The Indian pharmaceutical industry has tremendously evolved over the decades from being dependent upon other multinational companies for imports of medicine and medical tools to becoming an influential contributor to the global market. In 1969, the Indian pharmaceutical industry had a 5% share of the market and the global pharmaceutical companies had 95% but, by 2020 this situation was reversed by the Indian pharmaceutical industry owning 85% shares in the market and global players with only 15% in hand. Today India not only has the capability but also the resources of producing high-quality generic medicine that is being sold around the global market. 

With such an impressive growth rate multiple MNC’s have penetrated the Indian Pharmaceutical industry, fifteen out of twenty pharmaceutical companies in the world have a presence in India today, majorly consisting of privately-owned companies by Indians who now dominate over a substantial share in the domestic market due to elements like favourable governmental policies and limited competition from MNC’s. Today India alone contributes 20% by value to the global generics market and on top of it, is contributing 40% to the US drugs.

Before 2005 the pharmaceutical companies feared the transition from process patent to product patents under the TRIPS agreement as it could have resulted in closing multiple companies but over the years new amendments and new situations have brought new challenges and opportunities for the industry.


  • In the year 2016, the Government of India brought major changes in the IPR policy of the country with seven objectives, without bringing any amendments to the already laid provision of the Indian Patent Act of 1970, stating that the laws complied with the minimum protection standard of Intellectual property set by the TRIPS agreement despite receiving constant recommendations from various key players around the globe like the USA.
  • Section 3(d) of the Indian Patent Act, 1970 states “the mere discovery of a new form of a known substance which does not result in the enhancement of the known efficacy of that substance’ is not an invention, and hence cannot be patentable” as per the interpretation of the court in the case of Novartis A.G v. UOI (2016) 6 SCC 1 which raised multiple doubts and debates across the minds of professionals, as a product is granted a patent for 20 years in India and once the patent expires other companies could manufacture the same product at a cheaper price. Usually, the pharmaceutical companies try to evergreen their patent by slightly modifying their products from original ones, but the laws in India have set up much more stringent conditions for obtaining it. 
  • Another challenge faced by India is due to the concept of compulsory licensing which finds it legitimacy in the TRIPS agreement and is also provided in section 84 of the said act, by the virtue of this section the government can legalize a third party to produce a product by fulfilling certain conditions without even taking the consent of the patent owner or holder. This is widely used by countries across the globe in their pharmaceutical industry for the production of medicines but is not being used by India such efficiently as it daunts the investiture by companies in R&D and stops them from making innovations.
  • While trademark laws also raise certain concerns with regards to generic drugs which are is time to time considered to be synonymous for non-brand drugs, so it becomes quite prominent to state that generic products which are patented or whose patents have expired may also be sold under trademark and at times may command a high price despite the competition from bioequivalent products.
  • The protection of the undisclosed information which is also termed as trade secrets (including formulas, information, program, devices, methods, techniques, or process ) is the least familiar and acknowledged aspect of IPR among the people. Laws relating to all forms of IPR prevail in India but there is no separate or distinguished law for securing the trade secrets and hence India still fails to protect such a vital part of any creation and innovation. It, therefore, requires immediate action by the lawmakers. 

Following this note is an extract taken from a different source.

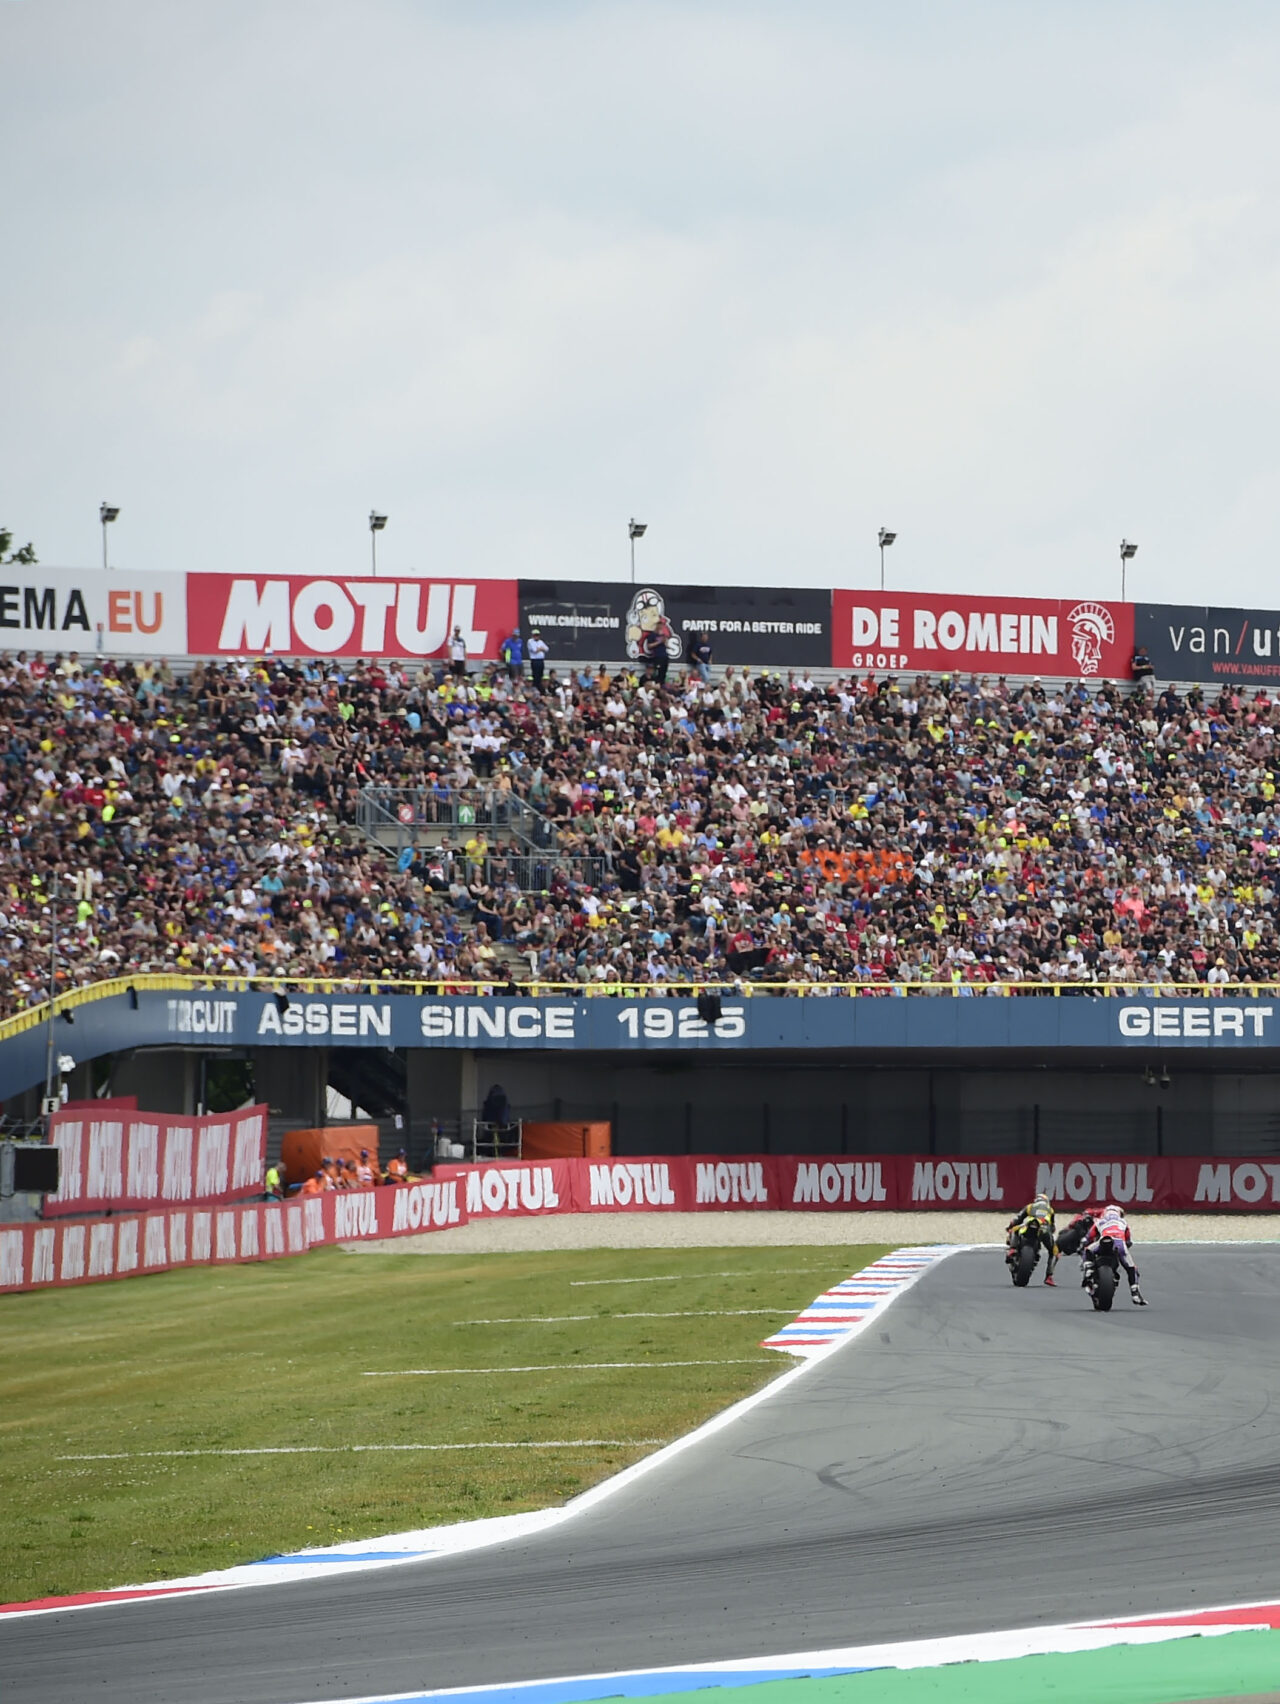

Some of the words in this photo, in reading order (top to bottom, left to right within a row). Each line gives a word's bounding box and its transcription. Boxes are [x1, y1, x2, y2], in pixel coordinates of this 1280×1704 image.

  • The National IPR policy of 2016 has enabled compulsory licensing with restrictions in case of public health emergencies which is going to play a key role during the COVID-19 pandemic, and this policy has been laid in compliance with the guidelines of WTO.
  • For the smooth functioning and better implementation of the IPR policy, the government has initiated to build cells in every government department and state departments to coordinate with DIPP which now would enable to foster creativity and innovation along with promoting and encouraging entrepreneurs.
  • On one hand, the COVID-19 pandemic has lead Indian Council of Medical Research (ICMR) to partner with WHO on the global solidarity trial to discover the vaccine, on the other hand, the Cancer Patients Aid Association (CPAA) is urging the government to revoke the patent granted to Gilead on Remdesivir compound as it is against the public interest.


The year 2015 to 2020 has brought some major additions to the IPR laws for the pharmaceutical industry in India, with the recent situation of pandemic they might witness multiple other changes in the policies and laws, but so far India is trying its best to maintain its policy according to the International norms for a global acceptances and for improving the domestic conditions. The pandemic has truly expanded the ability of the industry which is supplying multiple essential drugs and other commodities across the globe to overcome the situation at hand. The national policy too brought in multiple positive changes and has contributed toward the growth and development of the industry.